Eugenics can't upgrade all of humanity directly because natural breeding, being cheaper, is also much more common. So the vast majority of inferior humans will always outnumber the eugenics-produced super-humans. That's where the enslavement comes in; the super-humans will have to use their inherited wealth and power to make sure they retain control because they can't out-breed everyone else.
The other possibility, and the only way the super-humans can replace the normals, is to kill off all of the normals either directly or by making them infertile. That's even worse than enslavement.
No matter how you look at it, eugenics has a bad outcome if it's not available to everyone at the same time. And if it was available to everyone, we wouldn't call it eugenics. We'd call it 'medicine', 'vaccination', 'pre- and post-natal care', and 'preventative care'.
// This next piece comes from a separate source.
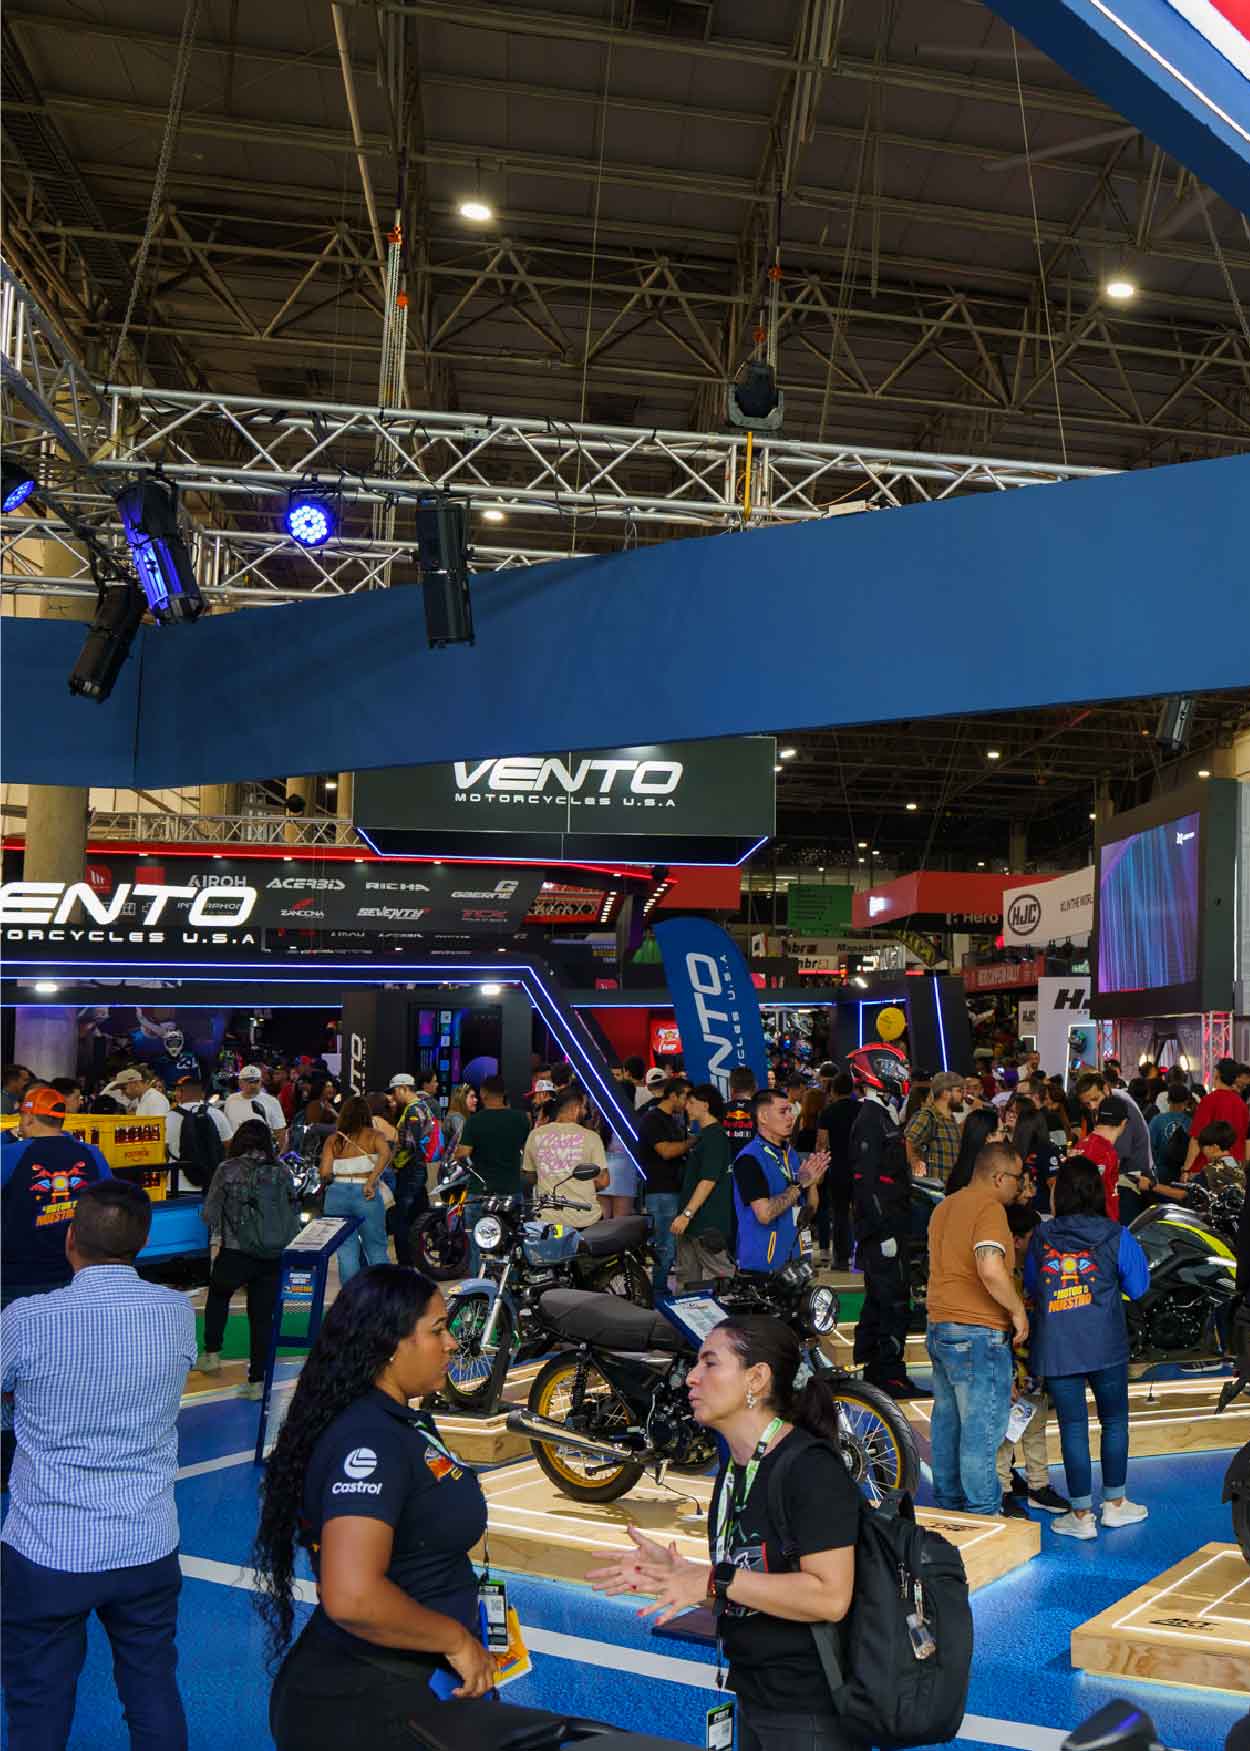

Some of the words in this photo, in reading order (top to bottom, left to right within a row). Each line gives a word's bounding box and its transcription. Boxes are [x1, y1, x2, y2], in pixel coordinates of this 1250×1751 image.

Selective sexual reproduction and genetic engineering are actually markedly different. Genetic engineering involves precise splicing, insertion, or rearrangement of an organism's genome (or subset of genes). Selective sexual reproduction is a directed random rearrangement of genetic material over successive generations based (on often poorly understood) "meta-characteristics" or traits.
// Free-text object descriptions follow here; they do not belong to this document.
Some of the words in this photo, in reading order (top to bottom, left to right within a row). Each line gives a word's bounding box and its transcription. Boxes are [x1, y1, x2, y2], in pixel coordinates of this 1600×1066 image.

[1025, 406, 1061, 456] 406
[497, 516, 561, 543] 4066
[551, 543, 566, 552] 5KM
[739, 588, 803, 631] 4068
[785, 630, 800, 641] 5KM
The critical distinction is that genetic engineering is the deliberate editing of exact genetic information, whereas selective sexual reproduction is a gradual, iterated, locally-random mixing of genetic information with imprecise results.
Furthermore, genetic engineering enables genetic mixing that aren't possible with selective sexual reproduction. For example, the insertion of genetic information into E.coli in order to produce human insulin for diabetics. Or, the modification of a particular cyanobacteria to secrete petroleum after photosynthesis.
http://pubs.rsc.org/en/content/articlelanding/2014/gc/c3gc42...
>> ...eliminating allergies, Alzheimer's, and cancer...
> That's all been doable for a long time, using controlled breeding...
This is incorrect. You may be surprised to learn that those deeply complicated, diverse families of afflictions would not be effectively treated via 'controlled breeding'.
A simple, naive disproof of the assertion that cancer can be eliminated in domesticated or selectively selectively bred animals (via artificial selection): pigs, huskies, and laboratory mice all get cancer at rates that are more or less congruent with wild boar, wolves, and rats.